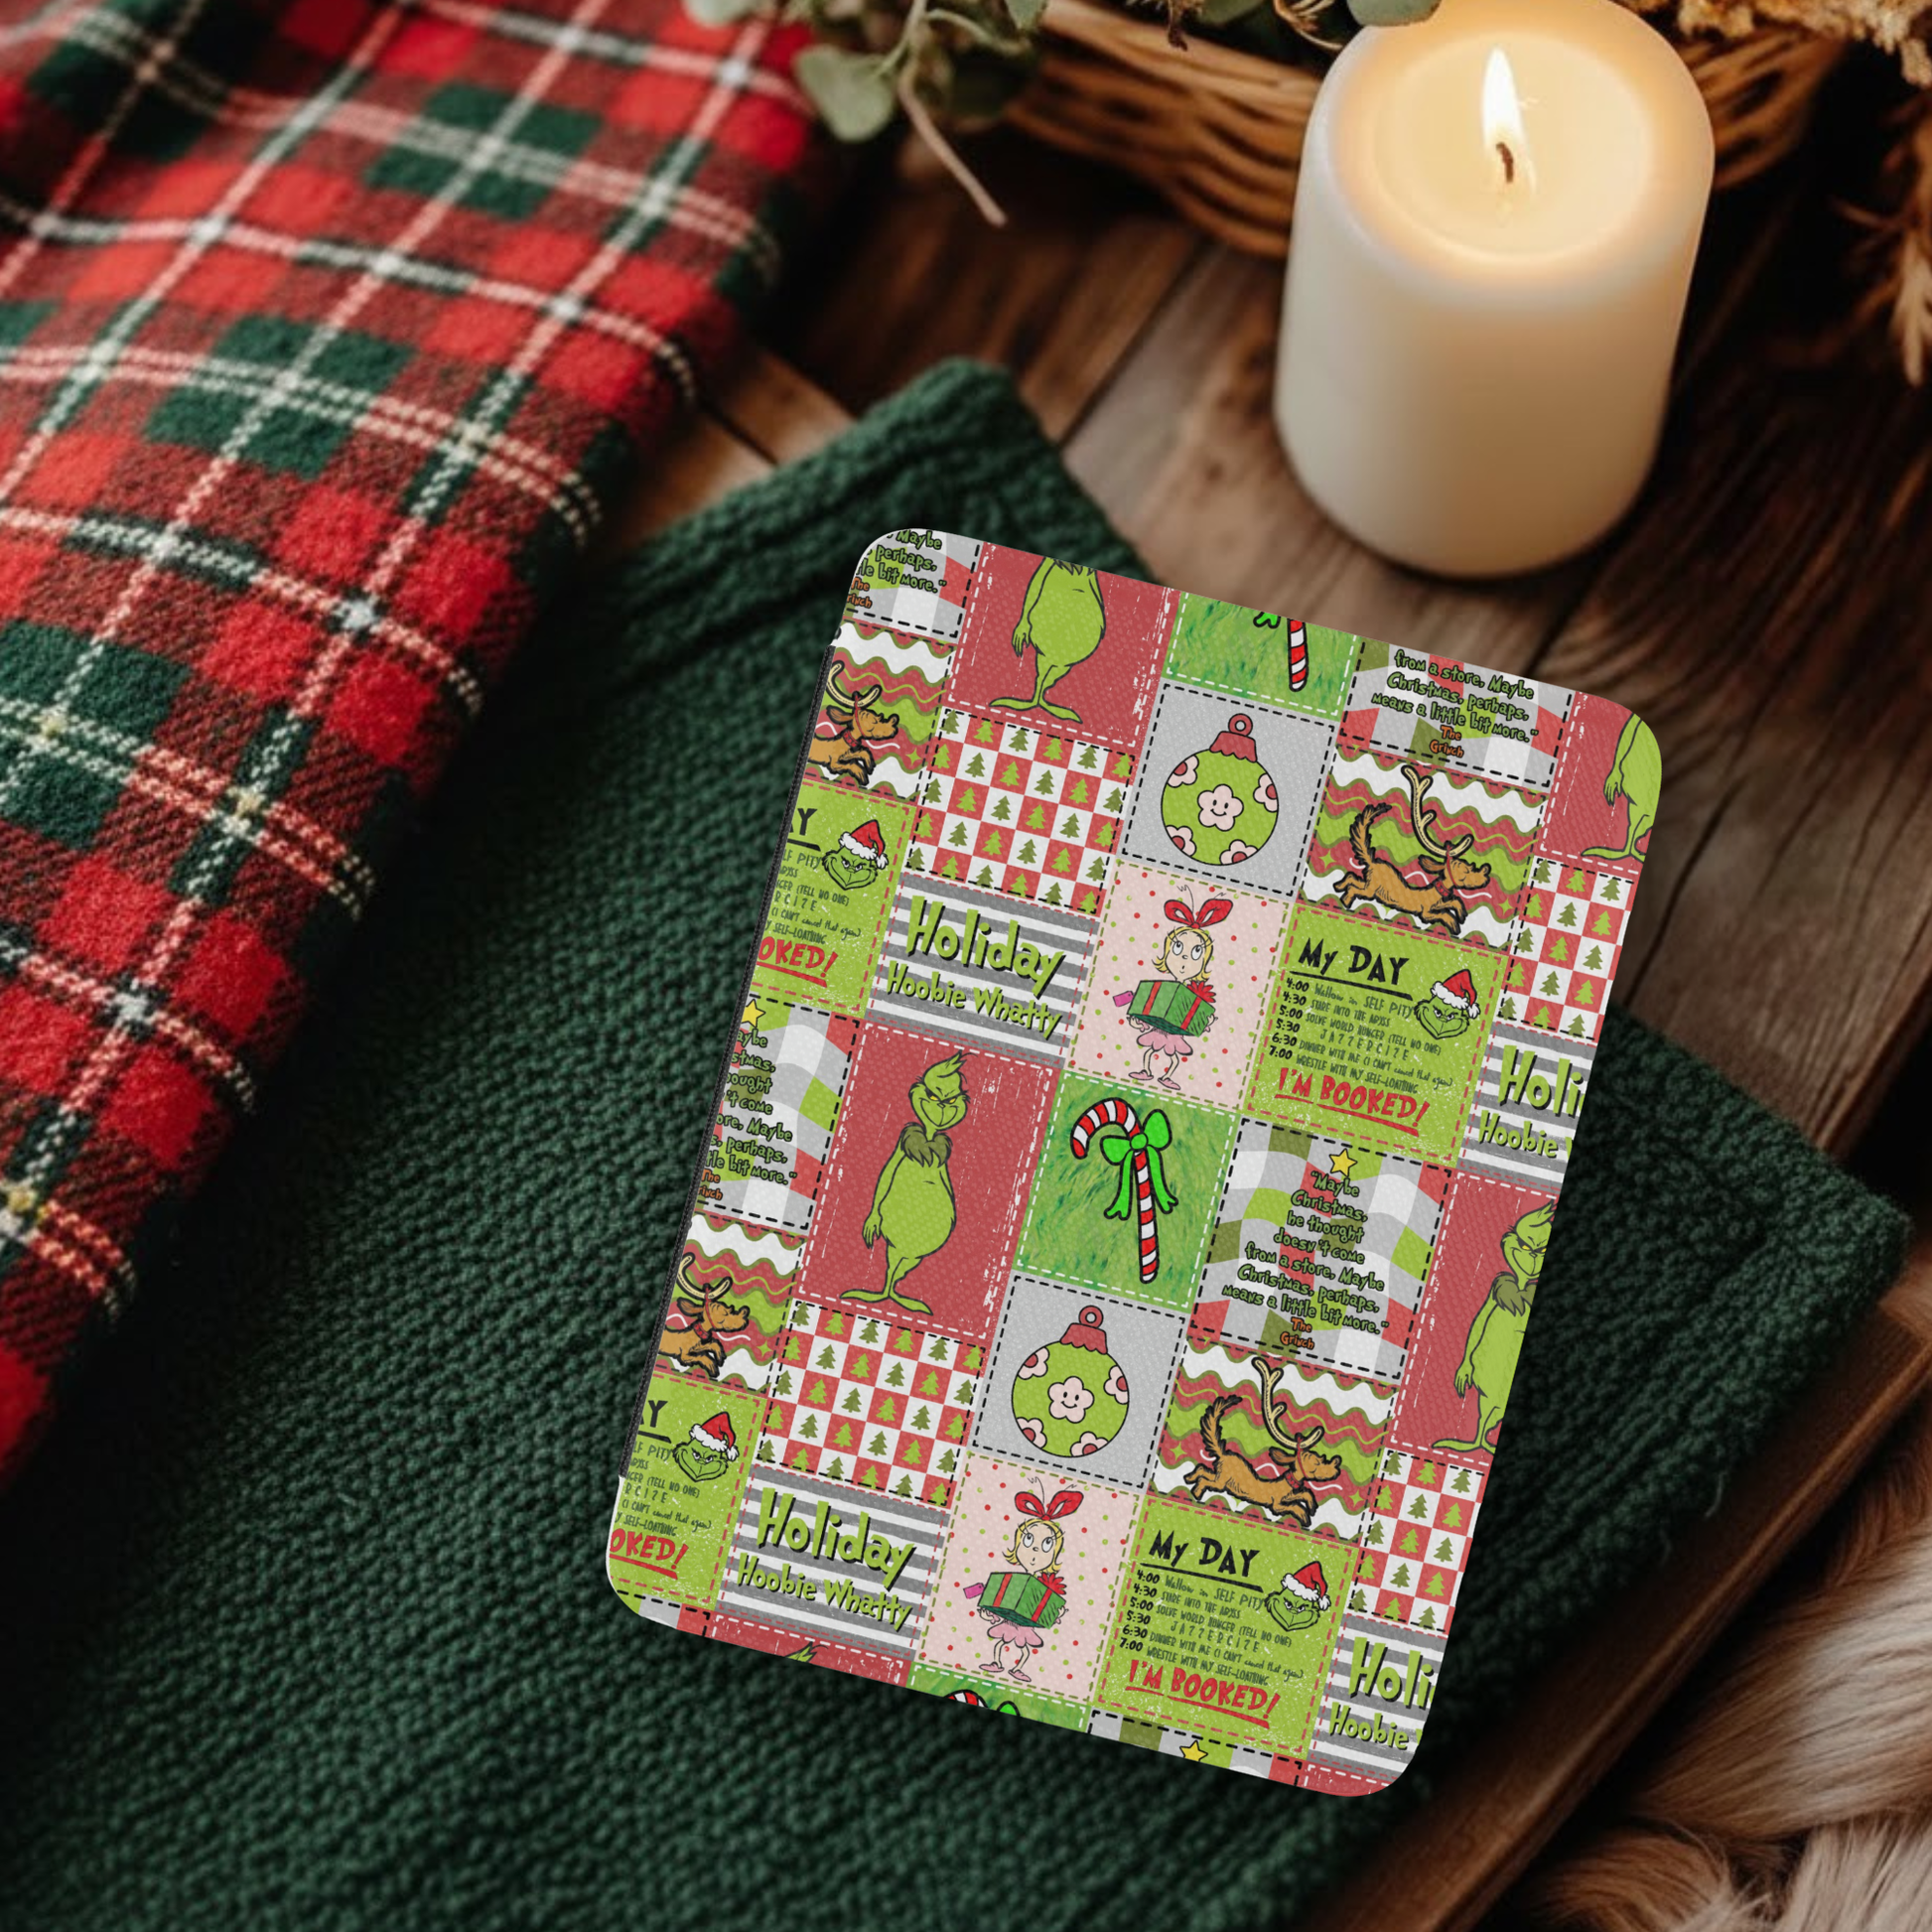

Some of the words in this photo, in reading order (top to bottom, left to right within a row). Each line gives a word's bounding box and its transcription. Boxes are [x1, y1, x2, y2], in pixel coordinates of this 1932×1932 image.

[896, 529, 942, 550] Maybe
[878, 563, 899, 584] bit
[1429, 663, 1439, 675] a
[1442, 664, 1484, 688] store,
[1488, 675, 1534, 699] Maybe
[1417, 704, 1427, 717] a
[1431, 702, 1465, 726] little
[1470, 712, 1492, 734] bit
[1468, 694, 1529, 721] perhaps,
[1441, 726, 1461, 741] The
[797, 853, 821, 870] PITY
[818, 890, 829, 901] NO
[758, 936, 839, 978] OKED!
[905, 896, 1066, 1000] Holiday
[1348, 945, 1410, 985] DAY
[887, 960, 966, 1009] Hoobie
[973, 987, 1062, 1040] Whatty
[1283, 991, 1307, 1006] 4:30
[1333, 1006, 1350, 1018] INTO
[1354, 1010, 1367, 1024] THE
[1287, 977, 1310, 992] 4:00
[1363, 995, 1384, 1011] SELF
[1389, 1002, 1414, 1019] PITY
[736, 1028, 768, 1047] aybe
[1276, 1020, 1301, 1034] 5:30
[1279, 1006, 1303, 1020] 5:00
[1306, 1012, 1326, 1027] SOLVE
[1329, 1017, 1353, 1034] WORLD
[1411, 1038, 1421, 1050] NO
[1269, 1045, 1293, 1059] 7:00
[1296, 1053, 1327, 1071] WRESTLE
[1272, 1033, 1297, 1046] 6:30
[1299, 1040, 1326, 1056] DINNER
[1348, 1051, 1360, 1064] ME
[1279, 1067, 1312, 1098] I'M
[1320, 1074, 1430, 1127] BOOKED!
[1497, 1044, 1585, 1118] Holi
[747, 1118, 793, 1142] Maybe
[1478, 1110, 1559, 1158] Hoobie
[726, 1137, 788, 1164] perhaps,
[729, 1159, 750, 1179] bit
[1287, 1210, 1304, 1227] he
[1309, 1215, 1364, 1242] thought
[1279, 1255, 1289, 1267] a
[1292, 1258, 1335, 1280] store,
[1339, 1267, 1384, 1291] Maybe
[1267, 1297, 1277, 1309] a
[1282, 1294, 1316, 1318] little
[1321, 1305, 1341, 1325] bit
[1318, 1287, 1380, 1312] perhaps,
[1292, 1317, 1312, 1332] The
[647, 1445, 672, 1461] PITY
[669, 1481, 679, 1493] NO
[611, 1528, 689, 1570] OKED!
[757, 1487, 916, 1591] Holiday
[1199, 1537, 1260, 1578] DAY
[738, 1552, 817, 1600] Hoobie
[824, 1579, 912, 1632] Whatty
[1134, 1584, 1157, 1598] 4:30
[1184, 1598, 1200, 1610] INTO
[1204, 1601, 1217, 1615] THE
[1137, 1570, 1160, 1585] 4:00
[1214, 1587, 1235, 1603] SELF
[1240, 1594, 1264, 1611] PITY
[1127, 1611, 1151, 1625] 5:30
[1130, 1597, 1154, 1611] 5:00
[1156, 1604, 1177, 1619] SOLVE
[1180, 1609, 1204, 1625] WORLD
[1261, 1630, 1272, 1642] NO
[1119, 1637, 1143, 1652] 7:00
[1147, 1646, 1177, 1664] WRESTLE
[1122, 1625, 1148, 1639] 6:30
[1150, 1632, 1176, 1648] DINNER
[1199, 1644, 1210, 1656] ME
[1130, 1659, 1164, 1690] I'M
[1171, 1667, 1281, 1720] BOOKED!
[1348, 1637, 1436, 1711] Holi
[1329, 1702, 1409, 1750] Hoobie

*What is expected*:
Make a copy of each line in the records that has the word "store".

*Solution to the exercise*:
[1442, 664, 1484, 688] store,
[1292, 1258, 1335, 1280] store,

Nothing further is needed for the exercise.